I've got mixed emotions about this bill. 

I *DO* support the idea of an 8 year old being able to firearm hunt, but the I think it's a shame that this bill even needs to be introduced. 

Once again, this state is about to let "Big Brother" make a parents decision. i realize this is a preemptive measure to make sure a bill of opposite view is not passed. 

I still think it's the parents responsibility to teach their child proper saftey technigues. If the kid isn't safe, he doesn't go hunting. Pretty simple to me. Too bad common sense seems to be lacking in this day & age.

-T


----------



## fatfingers (Mar 29, 2006)

Wow! 8 yrs. is pretty young. My concern would be the shouldering of the weapon and making an accurate shot. The mentor might be taking the kid out but he isn't lining up the shot and pulling the trigger. I think that it takes some maturity to understand what is a safe and accurate shot. The mentor could help with the first part but the pulling of the trigger would be where I have real questions. I have a 10 year old and I take him hunting in Wisconsin every year. He does not hold the gun and is along for the ride only. 12 yrs. I could understand, by then they have a good understanding of safety and the need to put the animal down humanely.


----------



## doctariAFC (Aug 25, 2005)

fatfingers said:


> Wow! 8 yrs. is pretty young. My concern would be the shouldering of the weapon and making an accurate shot. The mentor might be taking the kid out but he isn't lining up the shot and pulling the trigger. I think that it takes some maturity to understand what is a safe and accurate shot. The mentor could help with the first part but the pulling of the trigger would be where I have real questions. I have a 10 year old and I take him hunting in Wisconsin every year. He does not hold the gun and is along for the ride only. 12 yrs. I could understand, by then they have a good understanding of safety and the need to put the animal down humanely.


All depends on the size of the implement, and the amount of practice this young person has had at a range. Mentoring a young hunter is more than taking him or her into the woods for a hunt. Its an entire process of instilling solid practice and discipline, both at the range and in the field, not strictly limited to the hunt itself.

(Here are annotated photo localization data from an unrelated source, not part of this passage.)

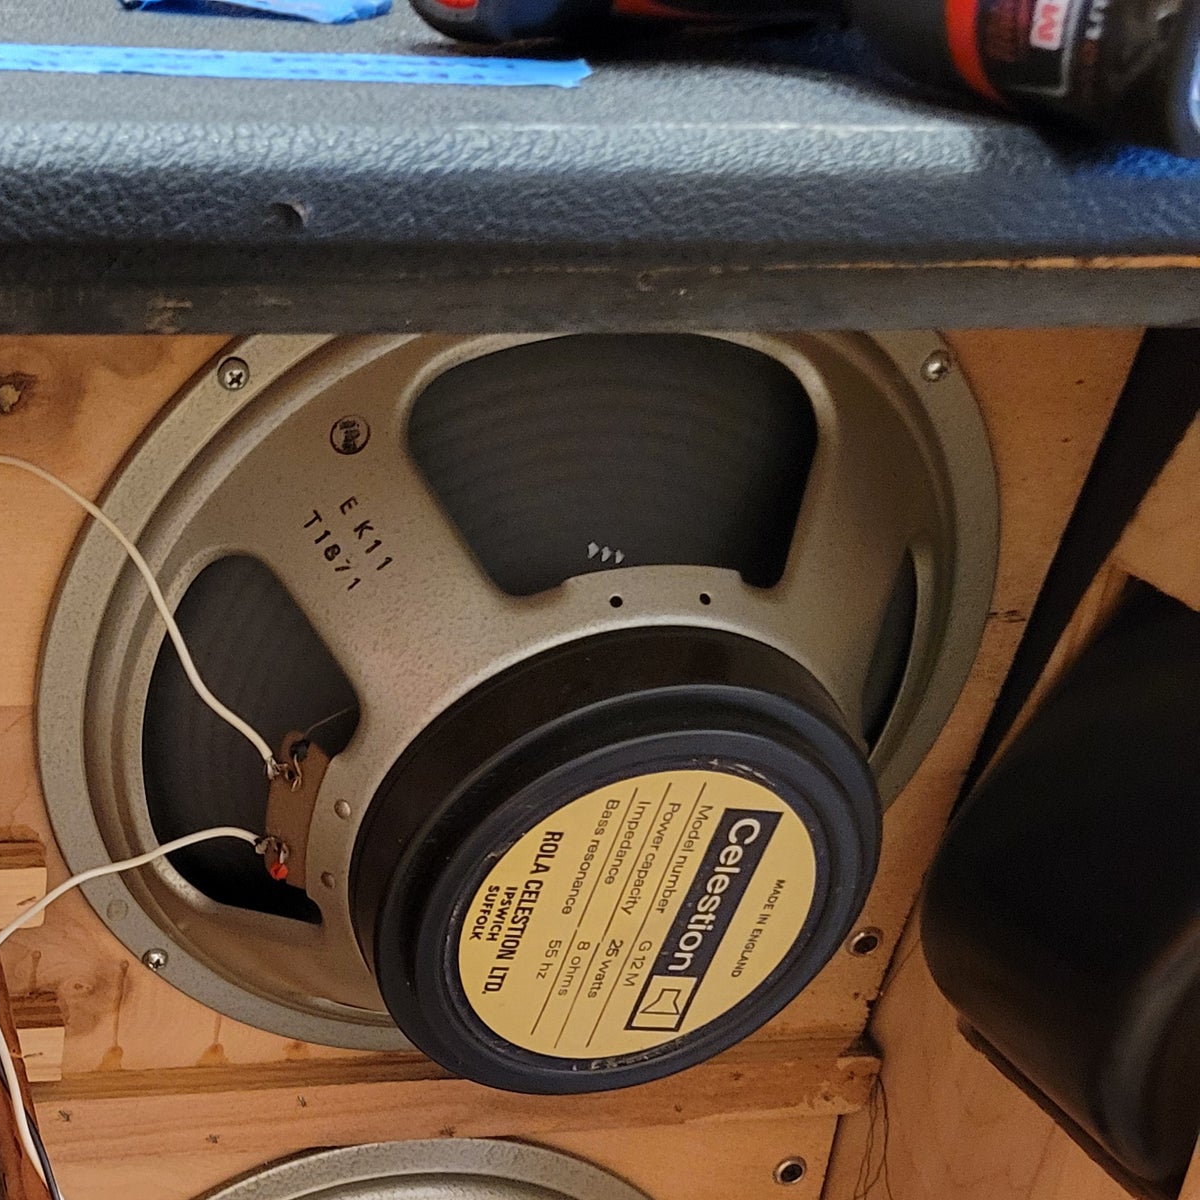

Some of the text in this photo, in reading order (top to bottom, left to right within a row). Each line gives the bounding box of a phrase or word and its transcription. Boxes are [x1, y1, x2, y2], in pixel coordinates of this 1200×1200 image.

[535, 800, 621, 979] Bass resonance 55 hz
[654, 856, 690, 913] number
[681, 805, 714, 851] Model
[468, 885, 503, 940] SUFFOLK
[480, 831, 565, 995] ROLA CELESTION LTD.
[484, 886, 519, 942] IPSWICH
[556, 802, 651, 996] Impedance 8 ohms
[586, 803, 682, 998] Power capacity 25 watts
[667, 818, 765, 971] Celestion
[729, 879, 786, 977] MADE IN ENGLAND
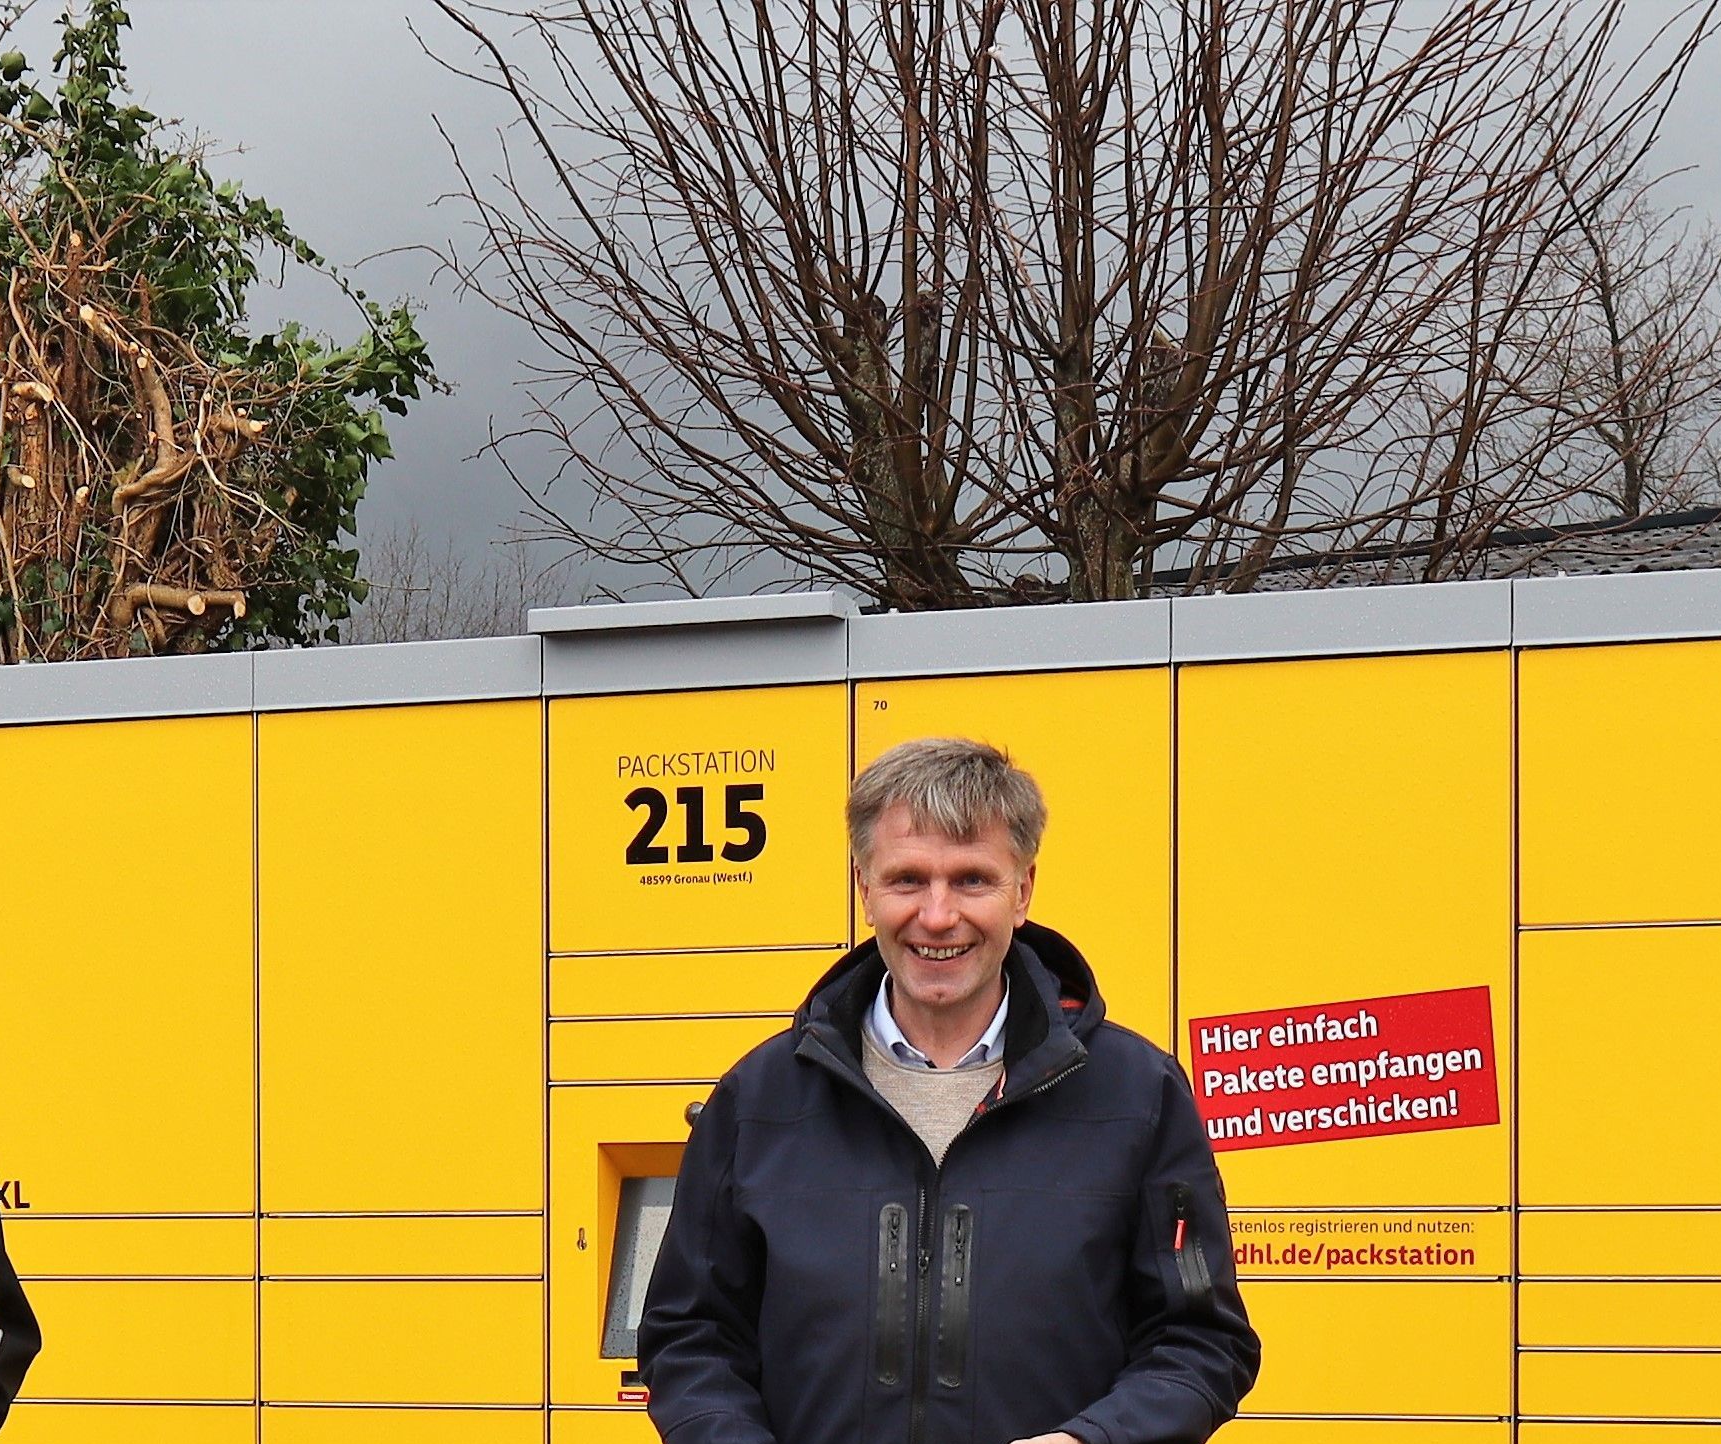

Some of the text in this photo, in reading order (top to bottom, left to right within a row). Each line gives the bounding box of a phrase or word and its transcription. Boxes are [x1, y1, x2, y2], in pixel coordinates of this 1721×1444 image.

[873, 700, 888, 711] 70
[618, 749, 775, 778] PACKSTATION
[624, 784, 767, 865] 215
[639, 871, 753, 886] 48599 Gronau (Westf.)
[1199, 1009, 1378, 1055] Hier einfach
[1203, 1046, 1482, 1097] Pakete empfangen
[1206, 1090, 1458, 1140] und verschicken!
[1229, 1218, 1475, 1236] stenlos registrieren und nutzen:
[1233, 1243, 1475, 1270] dhl.de/packstation

I know a few young 'uns that can handle a 20 gauge shotgun without a problem. 12 ga., yeah, that's too much, but the 20? beauty.


----------



## romanc333 (Feb 10, 2006)

*hmm*

I think 8 is a little young but I wouldnt oppose 10yo. My lil nephew is a tall but pretty skinny kid and I know that with a properly fitted weapon he can shoot it fine but 8 yo still in my opinion is pretty young. I like the idea just kind of scarey cause I know that group hunting is legal here in good ol wi and I cant see a 8yo driving deer without the possibility of putting others in danger with getting overly excited.

Steve


----------



## doctariAFC (Aug 25, 2005)

romanc333 said:


> I think 8 is a little young but I wouldnt oppose 10yo. My lil nephew is a tall but pretty skinny kid and I know that with a properly fitted weapon he can shoot it fine but 8 yo still in my opinion is pretty young. I like the idea just kind of scarey cause I know that group hunting is legal here in good ol wi and I cant see a 8yo driving deer without the possibility of putting others in danger with getting overly excited.
> 
> Steve


THat's a great concern, but this is a responsibility issue with parents. Good training, and working with your child before going afield is a must. I agree, but the government has no business telling parents when a child can be introduced to a specific activity, right? 

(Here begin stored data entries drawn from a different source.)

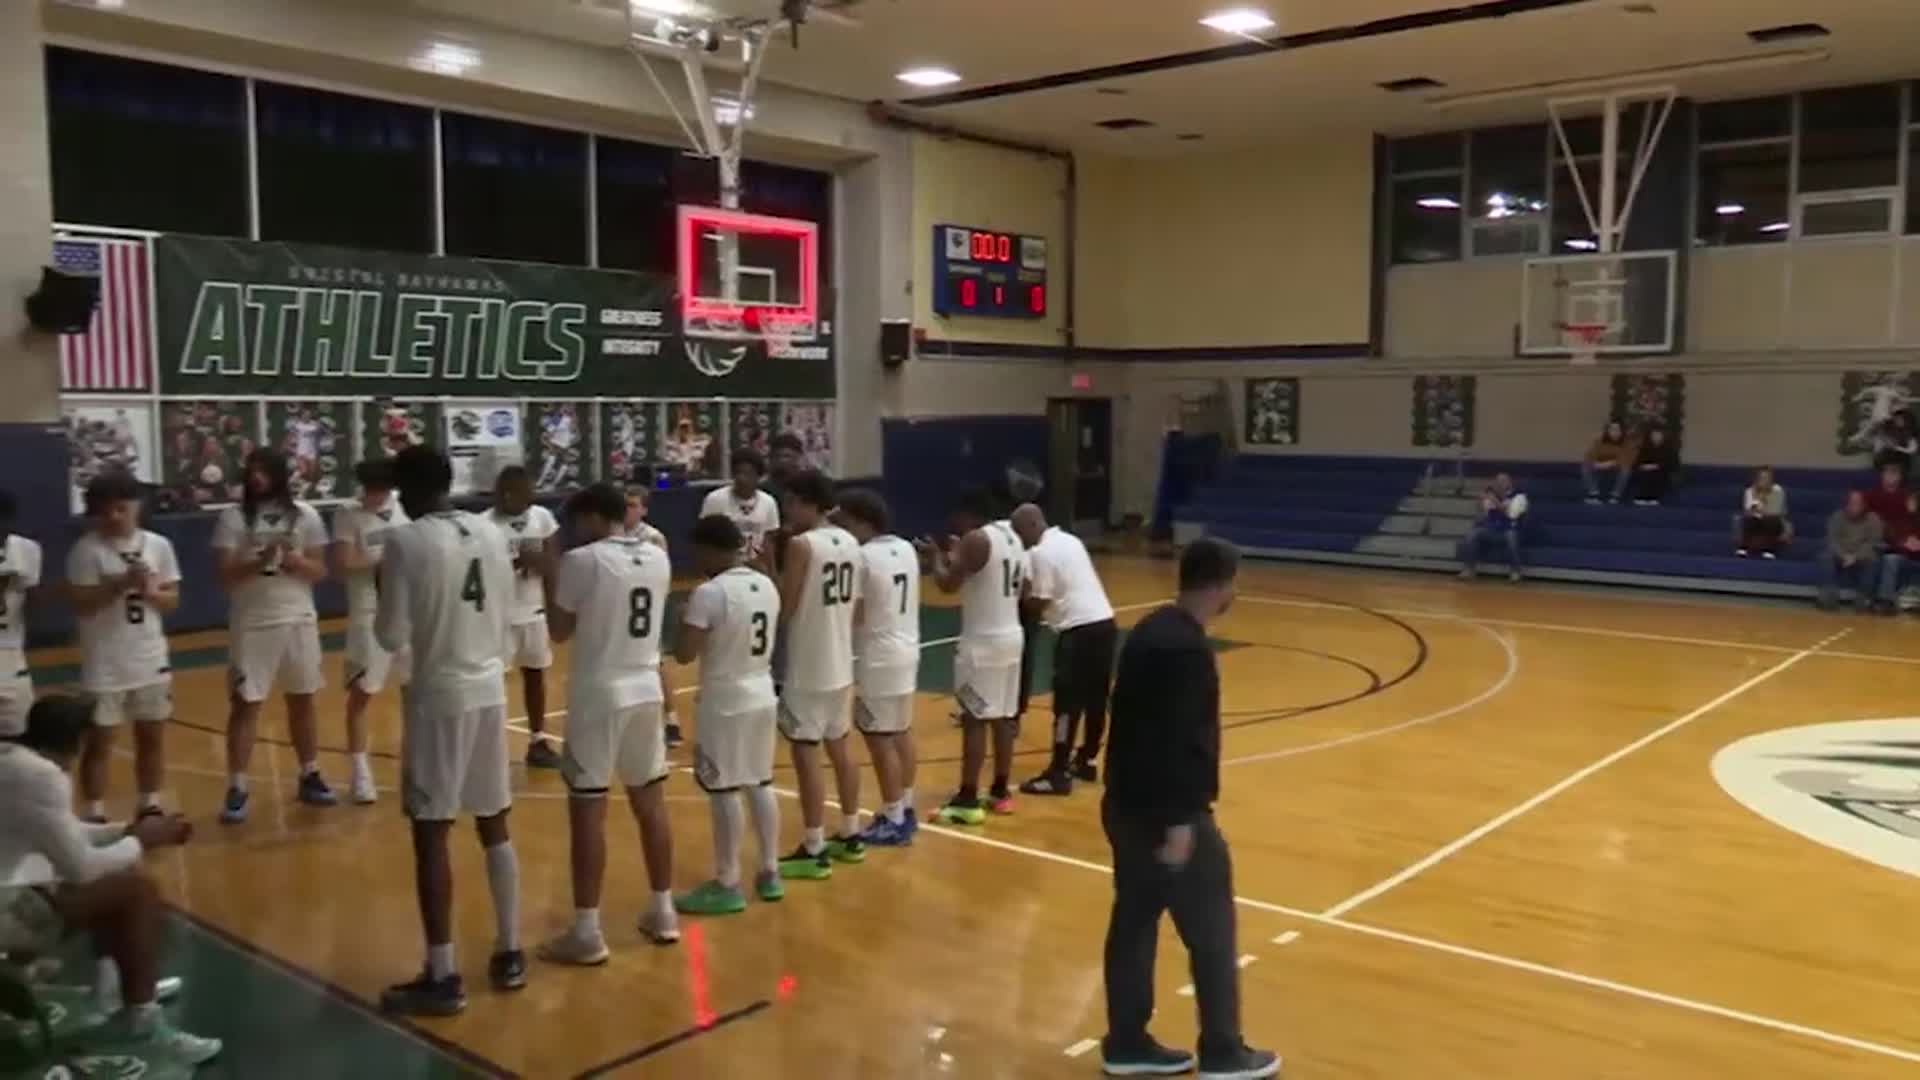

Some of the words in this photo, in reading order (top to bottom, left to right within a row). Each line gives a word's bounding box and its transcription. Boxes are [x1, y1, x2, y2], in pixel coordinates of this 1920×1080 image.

[962, 279, 977, 307] 0
[179, 281, 587, 381] ATHLETICS
[462, 558, 486, 612] 4
[822, 562, 854, 605] 20
[893, 573, 908, 614] 7
[1001, 558, 1021, 598] 14
[629, 586, 652, 638] 8
[751, 611, 768, 656] 3

Heck, on the Winter edition of Horizontal Bowhunter Magazine, on the cover, is a picture of a 6-year old GIRL from TN who bagged her first deer with a crossbow, with dad at her side. Nice 6 point buck. The story mentioned that for her birthday she asked for and received a Winchester rifle, I believe, and she became a pretty darned good shot, according to her father.

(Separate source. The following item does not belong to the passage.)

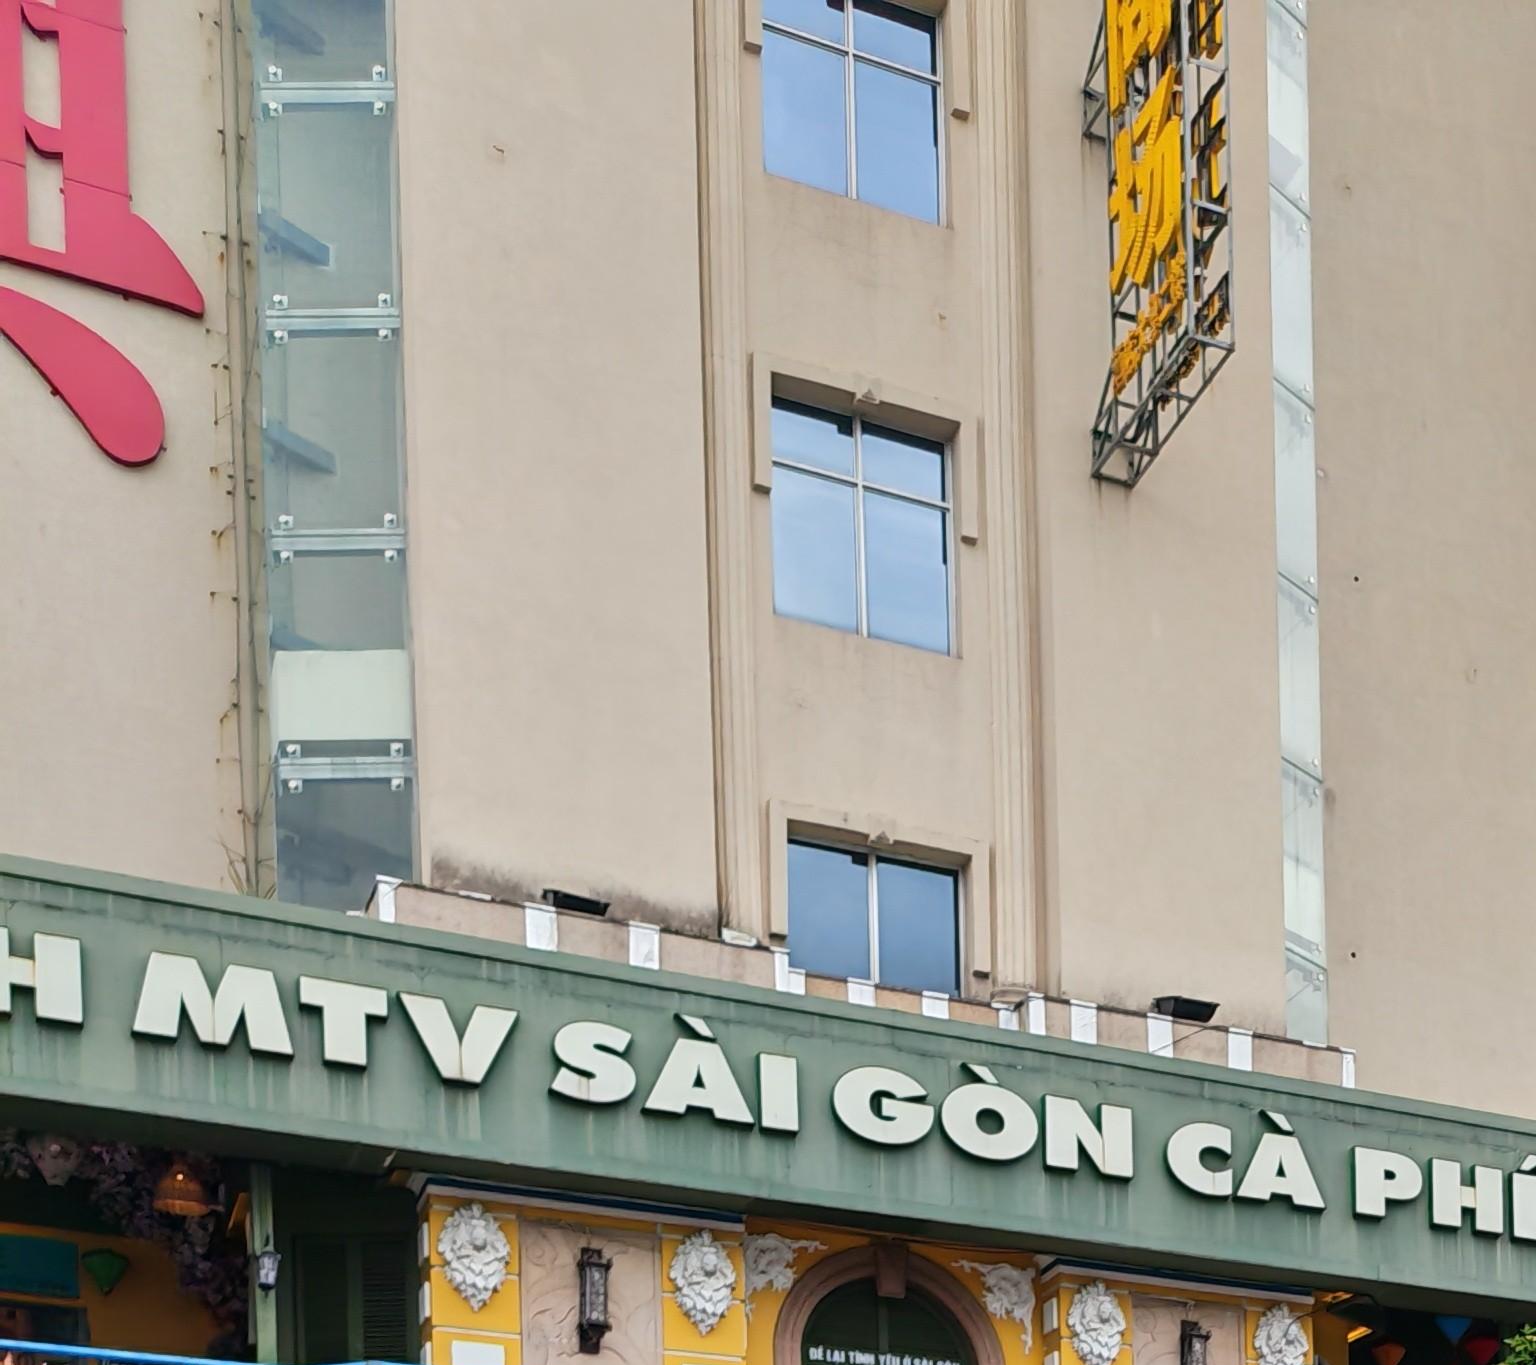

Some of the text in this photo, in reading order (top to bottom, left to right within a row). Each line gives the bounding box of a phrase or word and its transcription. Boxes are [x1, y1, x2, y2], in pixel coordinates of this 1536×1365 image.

[131, 951, 519, 1085] MTV
[548, 1012, 800, 1134] SÀI
[832, 1062, 1134, 1180] GÒN
[1167, 1110, 1326, 1212] CÀ

You need parents who are responsible, or a mentor who is even more responsible to make this happen. Since hunting and passing on the hunting tradition comes from parents who are more involved with their kids than an inner city single parent HH, the rub comes in assuring the child receives the right education/ training and demonstrates a mastery of these skills before hitting the woods.


----------



## fatfingers (Mar 29, 2006)

doctariAFC said:


> All depends on the size of the implement, and the amount of practice this young person has had at a range. Mentoring a young hunter is more than taking him or her into the woods for a hunt. Its an entire process of instilling solid practice and discipline, both at the range and in the field, not strictly limited to the hunt itself.
> 
> I know a few young 'uns that can handle a 20 gauge shotgun without a problem. 12 ga., yeah, that's too much, but the 20? beauty.


doctariafc

I don't disagree completely but I have hunted in Wisconsin for the last several years on public land, most of my family is from there, and you are right to expect the mentors to be responsible but in fact they are not always. Even still I think that it is a lot to expect from an 8 year old to place a decent enough shot under the right circumstances, and that in all likelyhood the chance for a wounded animal goes up when they are pulling the trigger. I'm not for that. I think a killing shot should be standard and that if a hunter can't safely take it the shot shouldn't be taken at all. I think 8 is too young and 12 is just right.


----------



## doctariAFC (Aug 25, 2005)

fatfingers said:


> doctariafc
> 
> I don't disagree completely but I have hunted in Wisconsin for the last several years on public land, most of my family is from there, and you are right to expect the mentors to be responsible but in fact they are not always. Even still I think that it is a lot to expect from an 8 year old to place a decent enough shot under the right circumstances, and that in all likelyhood the chance for a wounded animal goes up when they are pulling the trigger. I'm not for that. I think a killing shot should be standard and that if a hunter can't safely take it the shot shouldn't be taken at all. I think 8 is too young and 12 is just right.


You have a solid point.

Let me take this a step farther. What is the minimum age for a child to be able to hunt in WI? The reason why I ask is that, just drawing on NYS, the minimum age for a kid to hunt is 12. You can hunt small game with a rifle, shotgun or bow at age 12, under adult supervision. However, deer hunting is handled differently. Archers need to be 14 to hunt deer, under supervision, while firearms requires a kid to be 16, under supervision the first year, unless the kid was a Jr Archer for at least a year prior to hitting the woods to deer hunt with a firearm.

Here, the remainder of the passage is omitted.